Exercise data:
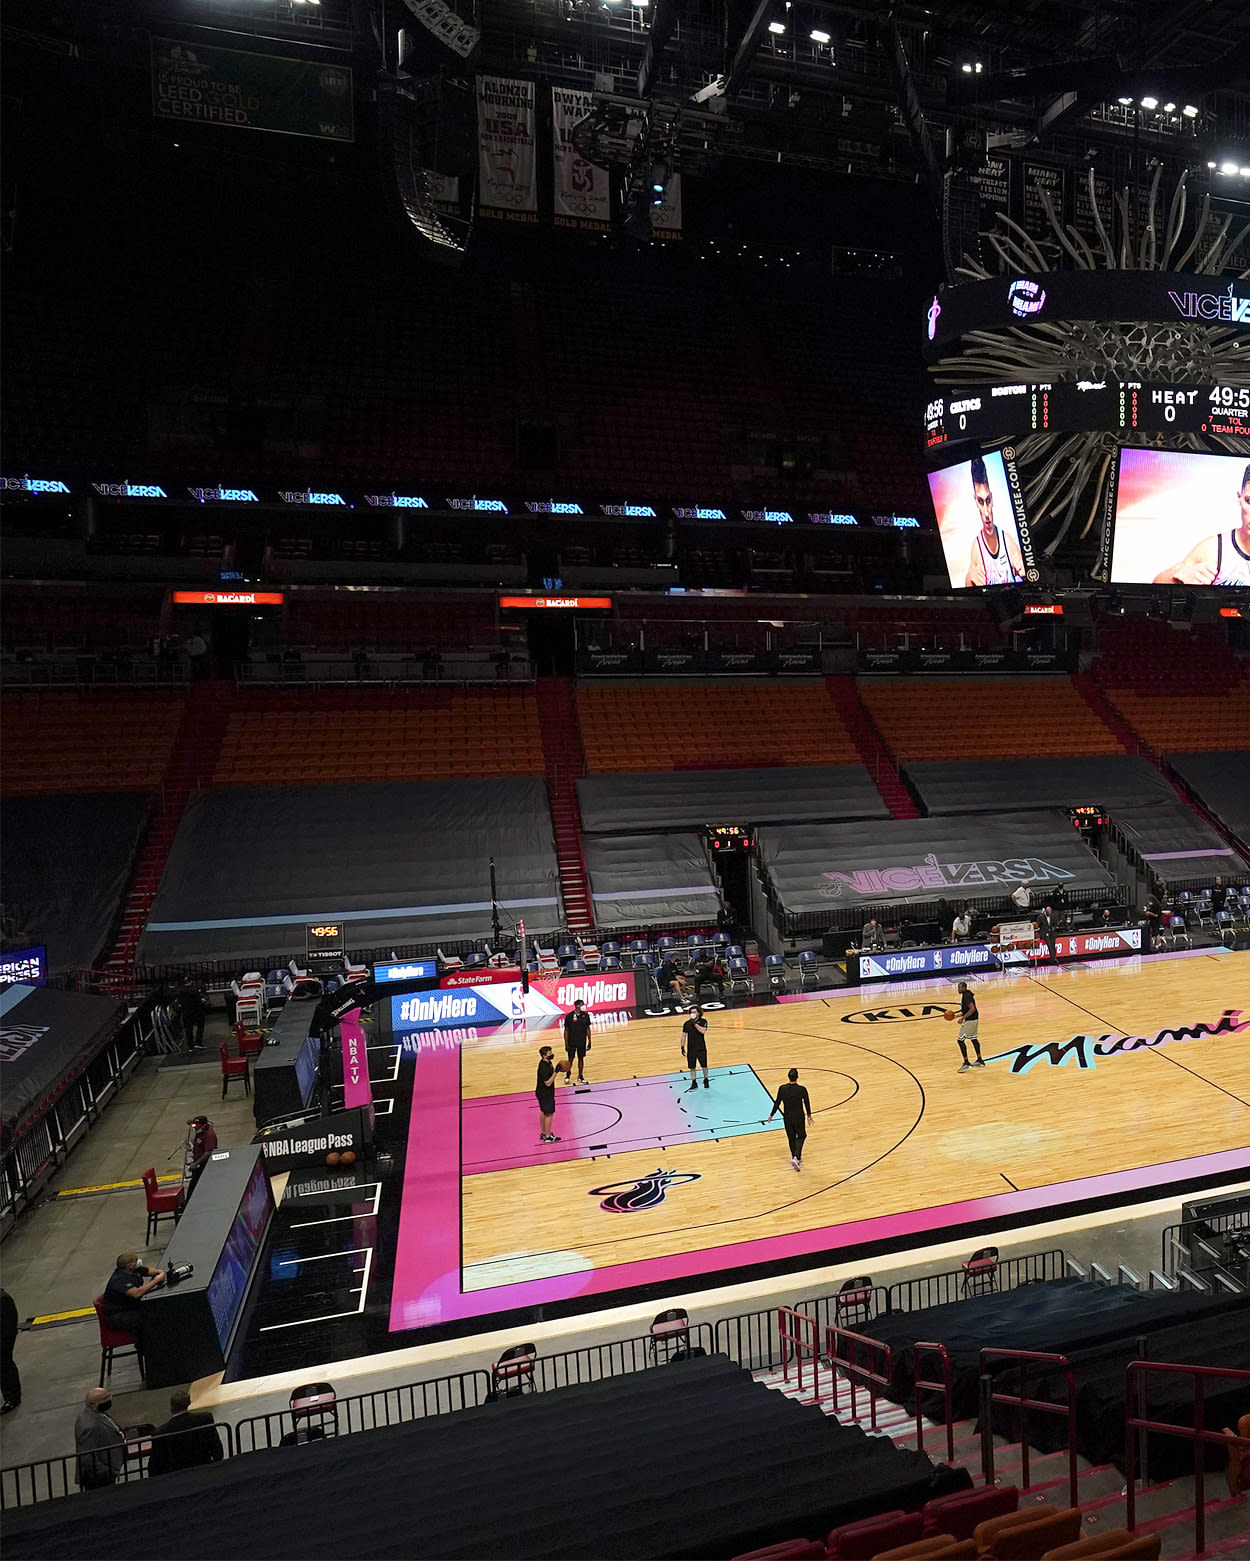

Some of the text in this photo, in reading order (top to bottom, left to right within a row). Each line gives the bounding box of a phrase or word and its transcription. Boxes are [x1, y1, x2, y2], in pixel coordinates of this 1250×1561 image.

[159, 84, 259, 110] LEED GOLD
[484, 82, 528, 96] ALONZO
[479, 93, 534, 109] MOURNING
[159, 100, 251, 124] CERTIFIED.
[486, 118, 530, 137] USA
[479, 208, 539, 223] GOLD MEDAL
[554, 217, 611, 232] GOLD MEDAL
[653, 230, 682, 240] MEDAL
[991, 385, 1027, 397] BOSTON
[1152, 390, 1198, 405] HEAT
[950, 398, 981, 414] CELTICS
[1165, 406, 1175, 422] 0
[1211, 407, 1248, 418] QUARTER
[959, 414, 966, 430] 0
[1211, 425, 1233, 434] TEAM
[1228, 417, 1243, 426] TOL
[1007, 462, 1035, 567] MICCOSUKEE.COM
[1104, 460, 1116, 567] MICCOSUKEE.COM
[717, 827, 739, 835] 49:56
[312, 926, 339, 937] 49:56
[1002, 934, 1018, 942] FedEx
[1085, 934, 1120, 952] #OnlyHere
[886, 955, 926, 973] #OnlyHere
[950, 949, 988, 967] #OnlyHere
[557, 982, 627, 1006] #OnlyHere
[400, 996, 477, 1023] #OnlyHere
[862, 1005, 951, 1022] KIA
[348, 1038, 360, 1084] NBA TV
[268, 1133, 353, 1157] NBA League Pass

Prompt:
Please print each entry exactly as given and keep pictures out of it.

Response to the exercise:
Some of the text in this photo, in reading order (top to bottom, left to right within a row). Each line gives the bounding box of a phrase or word and its transcription. Boxes are [x1, y1, x2, y2], in pixel coordinates of this 1250×1561 image.

[159, 84, 259, 110] LEED GOLD
[484, 82, 528, 96] ALONZO
[479, 93, 534, 109] MOURNING
[159, 100, 251, 124] CERTIFIED.
[486, 118, 530, 137] USA
[479, 208, 539, 223] GOLD MEDAL
[554, 217, 611, 232] GOLD MEDAL
[653, 230, 682, 240] MEDAL
[991, 385, 1027, 397] BOSTON
[1152, 390, 1198, 405] HEAT
[950, 398, 981, 414] CELTICS
[1165, 406, 1175, 422] 0
[1211, 407, 1248, 418] QUARTER
[959, 414, 966, 430] 0
[1211, 425, 1233, 434] TEAM
[1228, 417, 1243, 426] TOL
[1007, 462, 1035, 567] MICCOSUKEE.COM
[1104, 460, 1116, 567] MICCOSUKEE.COM
[717, 827, 739, 835] 49:56
[312, 926, 339, 937] 49:56
[1002, 934, 1018, 942] FedEx
[1085, 934, 1120, 952] #OnlyHere
[886, 955, 926, 973] #OnlyHere
[950, 949, 988, 967] #OnlyHere
[557, 982, 627, 1006] #OnlyHere
[400, 996, 477, 1023] #OnlyHere
[862, 1005, 951, 1022] KIA
[348, 1038, 360, 1084] NBA TV
[268, 1133, 353, 1157] NBA League Pass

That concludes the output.